SODOM
(Sodʹom).
This city was situated along the SE boundary of Canaan. (Gen. 10:19; 13:12) Often mentioned along with Gomorrah, Sodom seems to have been the most prominent of five cities, all of which were apparently located at the Low Plain of Siddim. (Gen. 14:2, 3) This plain is believed to have been that area now submerged beneath the southern part of the Dead Sea, S of the tongue of land called the Lisan, which extends outward from the eastern shore.—See SALT SEA.
When Abraham and Lot decided to move farther apart, to avoid disputes among their herdsmen, Lot went eastward into the well-watered District of the Jordan and pitched his tent near Sodom. There he found that “the men of Sodom were bad and were gross sinners against Jehovah,” much to Lot’s distress. (Gen. 13:5-13; 2 Pet. 2:7, 8) Sometime later, after a twelve-year subjection to Chedorlaomer, king of Elam, the inhabitants of Sodom and the other four cities rebelled. In the following year, Chedorlaomer and his allies defeated Bera, the king of Sodom, and his confederates. Besides seizing possessions and foodstuffs, the victors took Lot and others captive.—Gen. 14:1-12.
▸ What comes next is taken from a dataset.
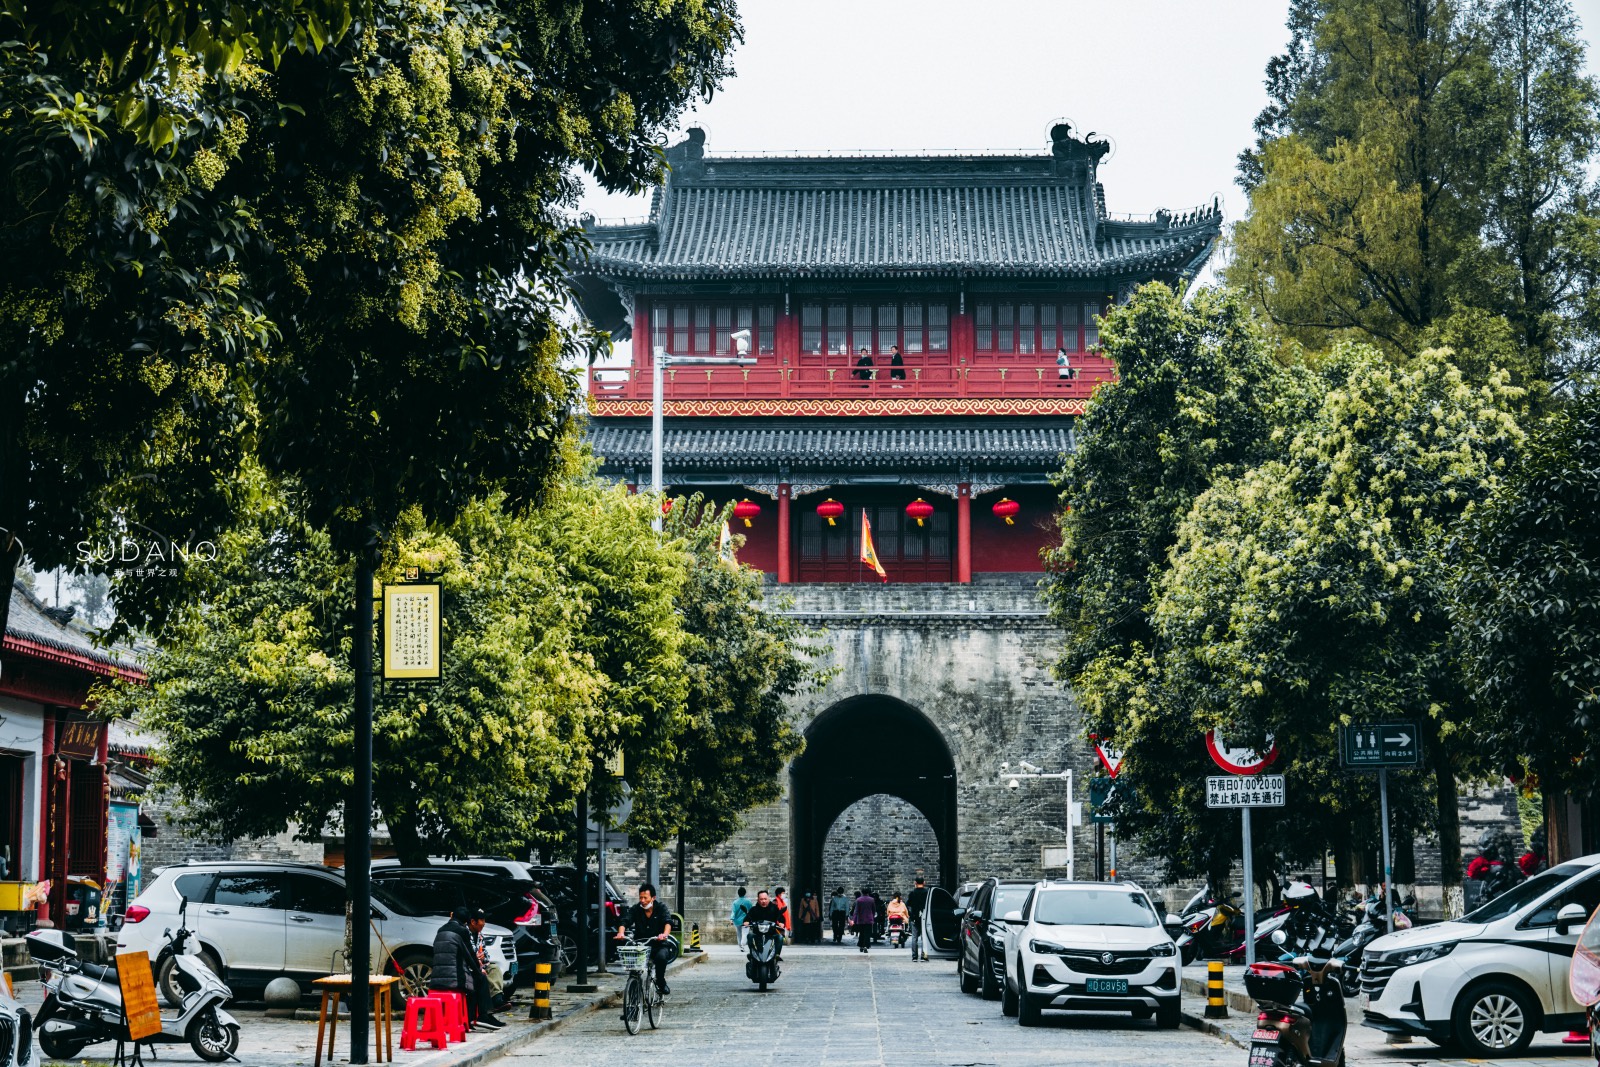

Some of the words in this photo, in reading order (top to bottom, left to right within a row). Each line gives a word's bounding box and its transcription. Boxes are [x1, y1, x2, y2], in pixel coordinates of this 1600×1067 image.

Abraham’s forces overtook Chedorlaomer and recovered the captives and booty, including Lot and his household. The king of Sodom insisted that Abraham keep the recovered material goods, but Abraham refused, lest Bera should say, “It was I who made Abram rich.”—Gen. 14:13-24.
Sodom, however, persisted in a course in defiance of Jehovah, becoming known for such immoral practices as homosexuality. “The cry of complaint about Sodom and Gomorrah,” Jehovah declared, “yes, it is loud, and their sin, yes, it is very heavy.” God therefore sent his angels to destroy Sodom, with the assurance to Abraham that if ten righteous persons could be found in the place the whole city would be spared.—Gen. 18:16, 20-33.
The city showed it deserved destruction, for a vile mob of Sodomites, including boys and old men, surrounded Lot’s house attempting to rape his angelic guests. The next day, after Lot, his wife and two daughters left the city, Sodom and Gomorrah were destroyed by sulfur and fire. (Gen. 19:1-29; Luke 17:28, 29) Thereafter Sodom and Gomorrah became a proverbial figure of utter destruction from the hand of God Almighty (Deut. 29:23; Isa. 1:9; 13:19; Jer. 49:18; 50:40; Lam. 4:6; Amos 4:11; Zeph. 2:9; Rom. 9:29) and of extreme wickedness.—Deut. 32:32; Isa. 1:10; 3:9; Jer. 23:14; Ezek. 16:46-56; see GOMORRAH.
Jude mentions that “Sodom and Gomorrah . . . are placed before us as a warning example by undergoing the judicial punishment of everlasting fire.” This would not conflict with Jesus’ statement about a Jewish city that should reject the good news: “It will be more endurable for the land of Sodom and Gomorrah on Judgment Day than for that city.” Sodom and Gomorrah were everlastingly destroyed as cities, but this would not preclude a resurrection for people of those cities.—Jude 7; Matt. 10:15; compare Luke 11:32; 2 Peter 2:6.
“IN A SPIRITUAL SENSE”
Revelation 11:3, 8 says that the corpses of God’s “two witnesses” lay in the broad way of the great city ‘called in a spiritual sense Sodom and Egypt.’ Isaiah’s prophecy (1:8-10) likens Zion or Jerusalem to Sodom and calls her rulers “dictators of Sodom.” However, about 96 C.E. when John was given the Revelation vision of events to occur in the future, the typical city of Jerusalem had been destroyed long before, in 70 C.E. The reference therefore must be to a “great city” or organization, an antitypical Jerusalem, pictured by unfaithful Jerusalem of old.